Ogłoszenia:
1. Nowi użytkownicy, którzy nie przekroczą progu 30 napisanych postów, mają zablokowaną możliwość wstawiania linków do wszelakich komentarzy.
2. Usuwanie konta na forum - zobacz tutaj: jak usunąć konto?

Nerwica lękowa, a wyjazd za granicę

Forum poświęcone: nerwicy lękowej, atakom paniki, agorafobii, hipochondrii (wkręcaniu sobie chorób), strach przed "czymś tam" i ogólnie stanom lękowym np. lęk wolnopłynący.
Możesz dopisać się do istniejącego już tematu lub po prostu stworzyć nowy.
Tutaj umieszczamy swoje objawy, historie, przeżycia.
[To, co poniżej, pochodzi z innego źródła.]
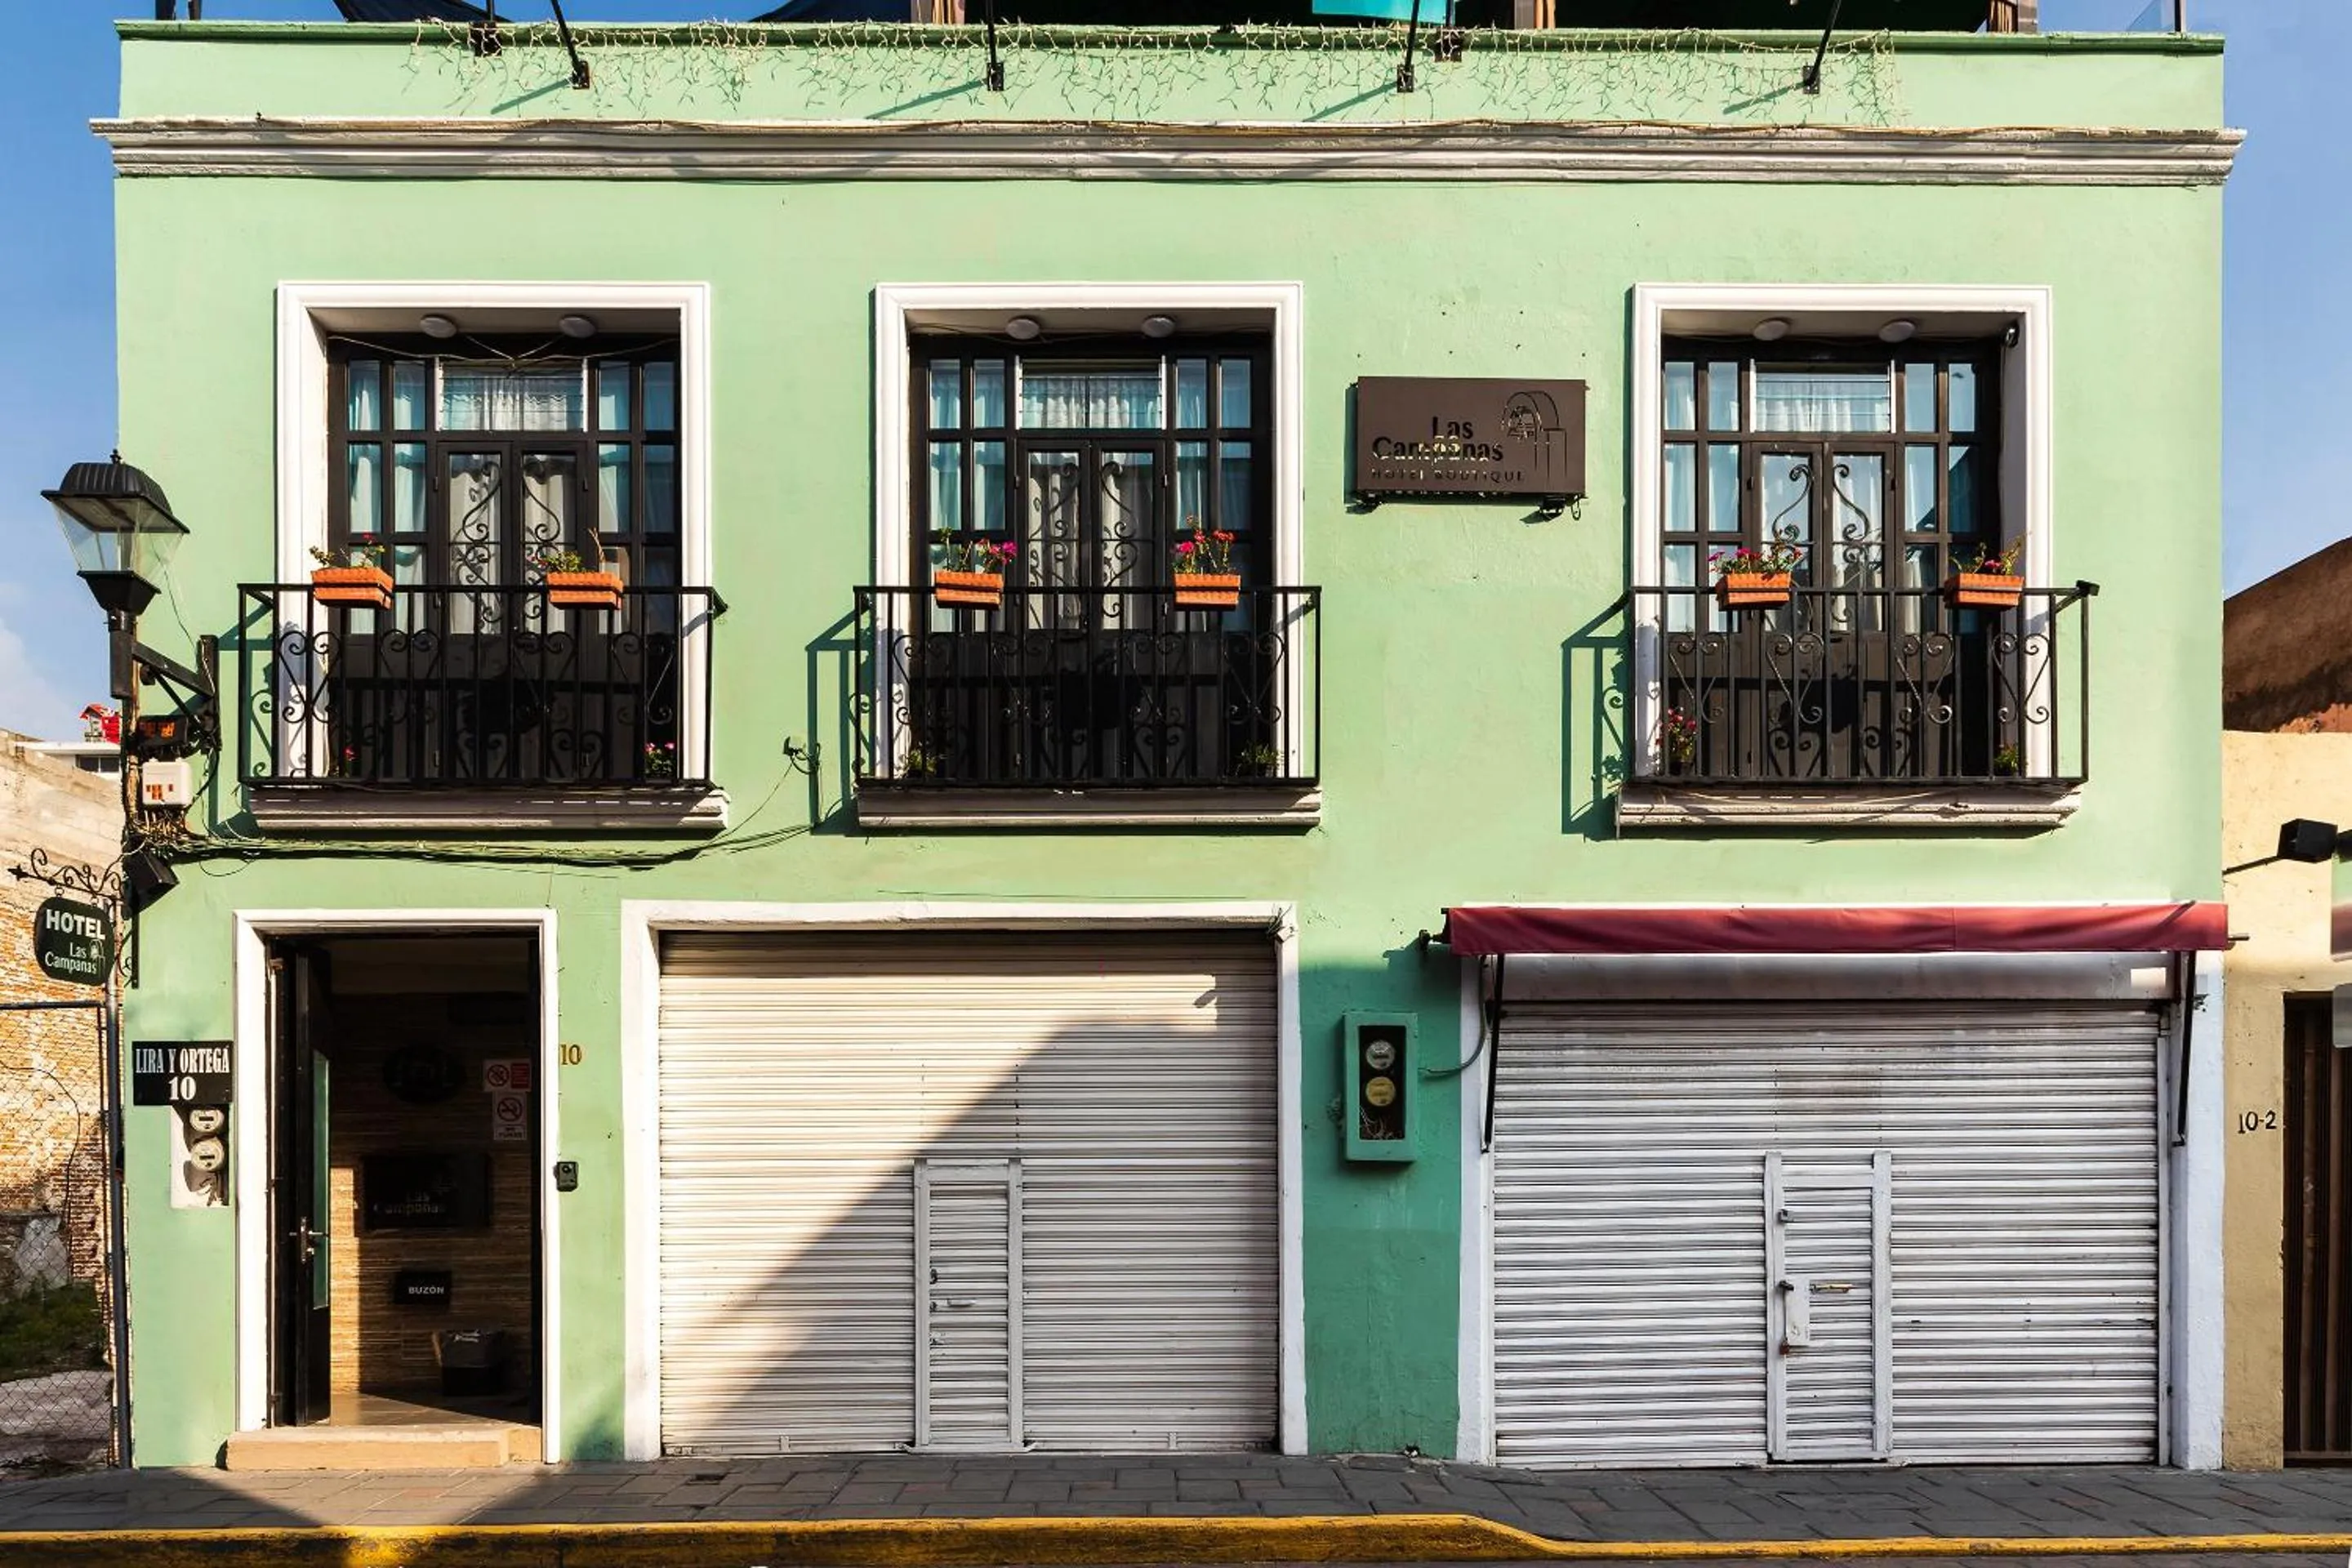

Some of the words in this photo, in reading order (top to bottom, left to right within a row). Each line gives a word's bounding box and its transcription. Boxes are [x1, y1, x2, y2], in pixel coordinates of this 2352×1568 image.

[1432, 416, 1473, 439] Las
[1372, 436, 1503, 465] Campanas
[1371, 468, 1424, 480] HOTEL
[46, 909, 105, 939] HOTEL
[69, 942, 87, 958] Las
[44, 951, 96, 974] Campanas
[136, 1049, 164, 1073] LIRA
[167, 1049, 176, 1073] Y
[560, 1044, 582, 1066] 10
[168, 1076, 197, 1101] 10
[2238, 1110, 2277, 1134] 10-2
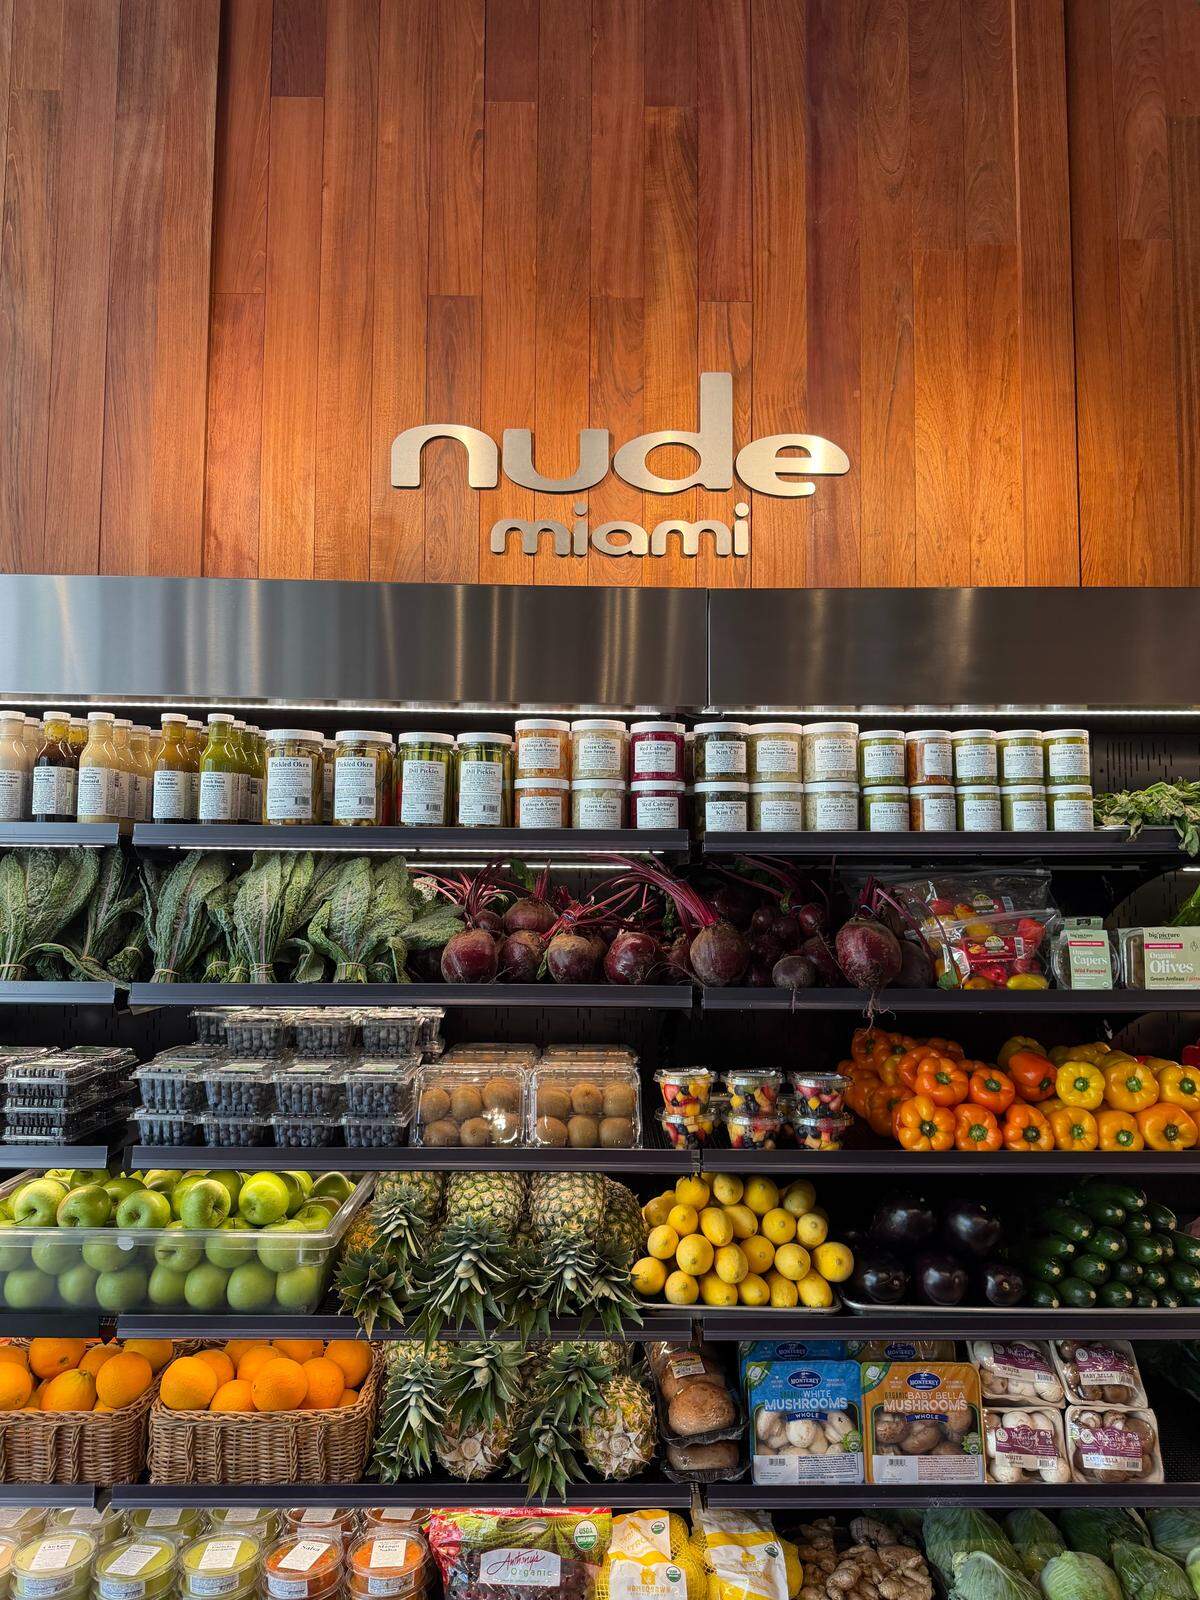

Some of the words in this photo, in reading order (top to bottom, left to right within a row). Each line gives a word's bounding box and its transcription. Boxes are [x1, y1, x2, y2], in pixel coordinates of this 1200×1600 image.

Dzielimy się doświadczeniami i jednocześnie znajdując ulgę dajemy innym pocieszenie oraz swego rodzaju ulgę, że nie są sami.
ODPOWIEDZ
Nikki
Zarejestrowany Użytkownik
Posty: 9
Rejestracja: 15 maja 2016, o 14:21

15 czerwca 2016, o 15:00

Witajcie!

Jest to mój pierwszy post tutaj, więc chciałam wam podziękować za to, że jesteście ;) Fajnie, że istnieje takie miejsce w sieci, gdzie człowiek z zaburzeniami nastroju ma poczucie, że ktoś go rozumie.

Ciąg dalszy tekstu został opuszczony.